At a branch in Scottsdale, Ariz., members of a local Native American community would arrive like clockwork every three months with checks for their share of the community’s casino revenue. It was then, said Ricky M. Hansen Jr., a former branch manager there, that some bankers would try to dupe them into opening unnecessary accounts laden with fees.

In California, it was people with identification cards issued by Mexican consulates. The absence of a Social Security number made it simpler for Wells Fargo employees to open fraudulent accounts in those customers’ names. Wells Fargo is one of the few major banks to permit accounts to be opened without Social Security numbers.

And in Illinois, one former teller described watching in frustration as older customers fell prey.
“We had customers of all ages, but the elderly ones would at times be targeted, because they don’t ask many questions about fees and such,” Brandi Baker, who worked at a branch in Galesburg, Ill., said in an interview.
Good times. Nothing says integrity and quality banking like ripping off minorities, the elderly, non-English speakers, college students, and the disabled.

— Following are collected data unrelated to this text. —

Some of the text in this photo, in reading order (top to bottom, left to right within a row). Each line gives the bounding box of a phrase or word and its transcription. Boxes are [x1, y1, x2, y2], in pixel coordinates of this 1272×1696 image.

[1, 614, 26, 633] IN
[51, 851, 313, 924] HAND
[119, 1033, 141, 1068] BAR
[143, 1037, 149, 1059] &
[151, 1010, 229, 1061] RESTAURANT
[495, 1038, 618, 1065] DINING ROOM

And for those of you wondering "how could something like this happen at such a venerable institution like Wells Fargo?" I refer you to this study which found there are more psychopath CEO's and upper management on Wall Street and in Big Banking than there are in prison.

Firing these people (as Stumpf and others have now been let go via their golden parachutes) does nothing to make restitution to the victims of this massive fraud, nor does anything to prevent it from happening again. 

However, if we could move a significant percentage of the upper management of Wells Fargo into a maximum security prison, and move the current sociopaths in prison out, society would be demonstrably safer.